**What is needed:** Pictures stay out, but every line of the data is copied exactly.

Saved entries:

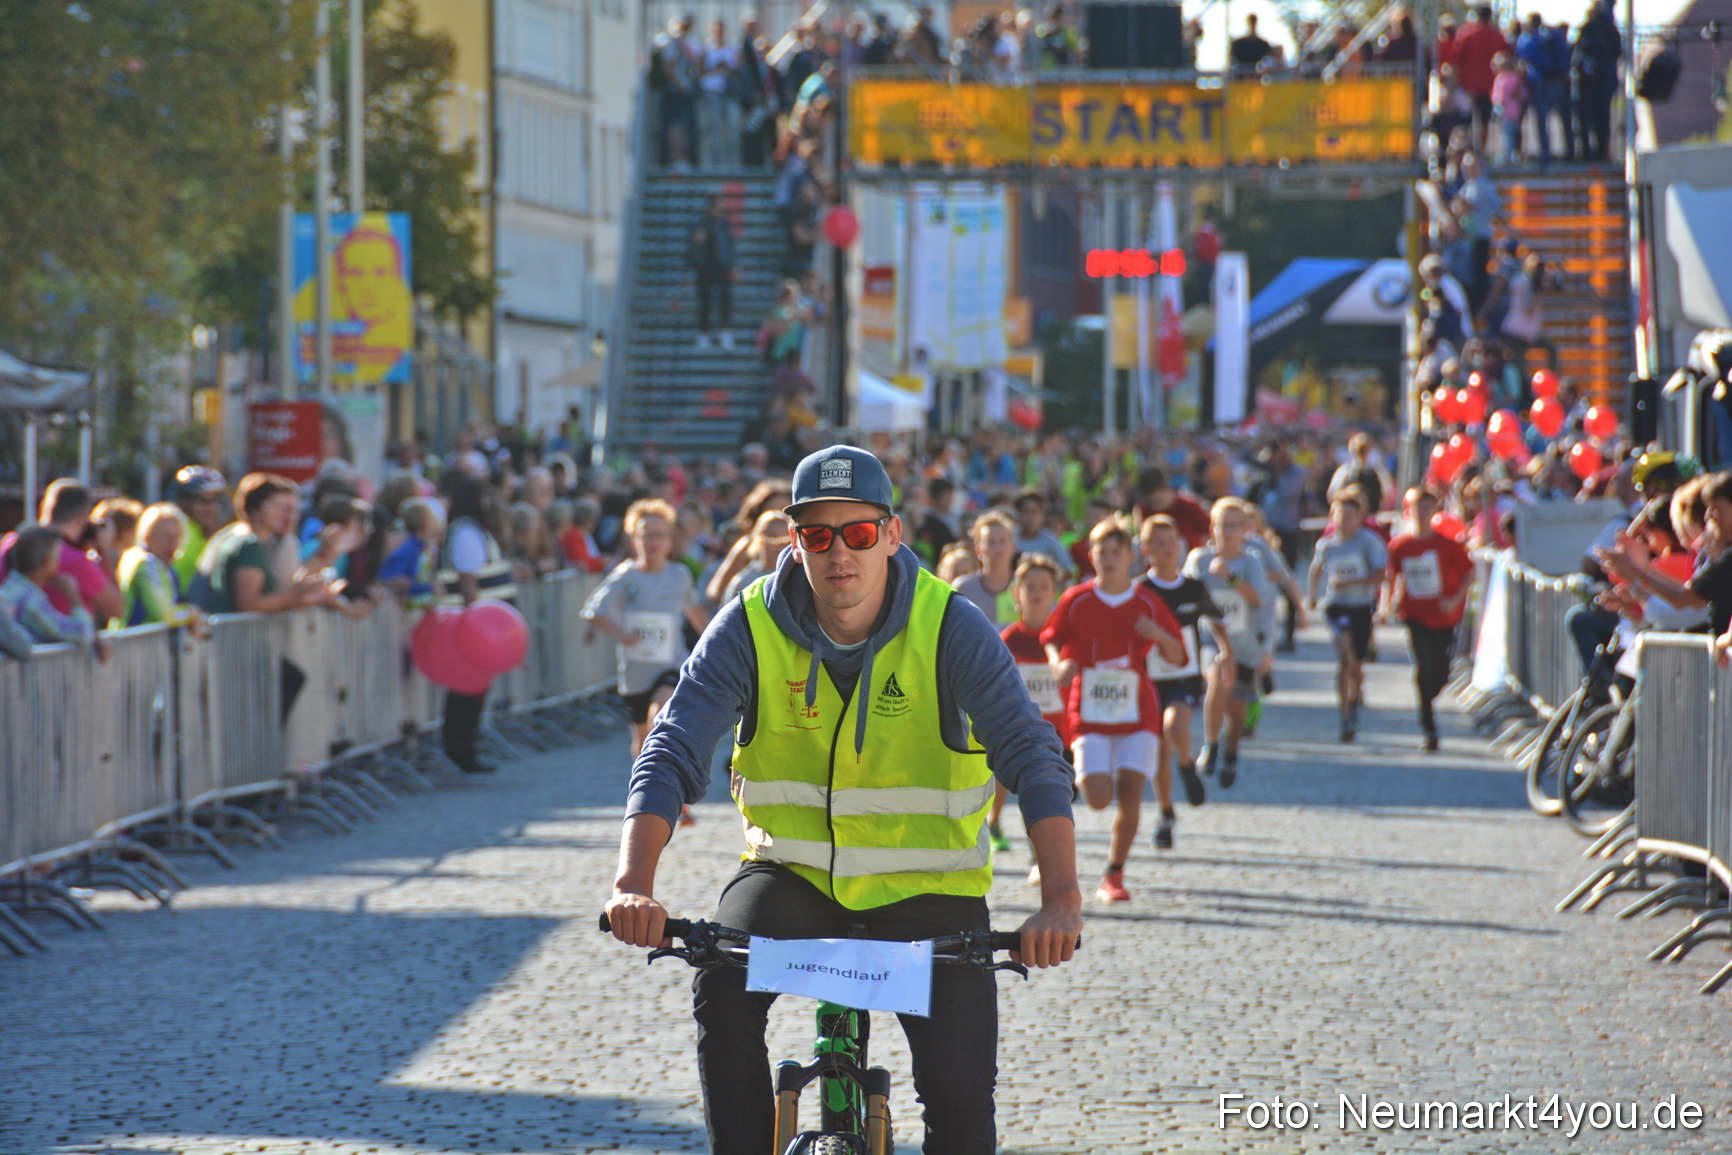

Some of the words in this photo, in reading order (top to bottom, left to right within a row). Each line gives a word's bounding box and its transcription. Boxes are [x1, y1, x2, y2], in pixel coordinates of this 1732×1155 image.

[1032, 101, 1225, 146] START
[821, 469, 851, 479] ELEMENT
[1090, 683, 1129, 700] 4054
[785, 962, 891, 981] Jugendlauf

**Answer to the exercise:**
Some of the words in this photo, in reading order (top to bottom, left to right within a row). Each line gives a word's bounding box and its transcription. Boxes are [x1, y1, x2, y2], in pixel coordinates of this 1732×1155 image.

[1032, 101, 1225, 146] START
[821, 469, 851, 479] ELEMENT
[1090, 683, 1129, 700] 4054
[785, 962, 891, 981] Jugendlauf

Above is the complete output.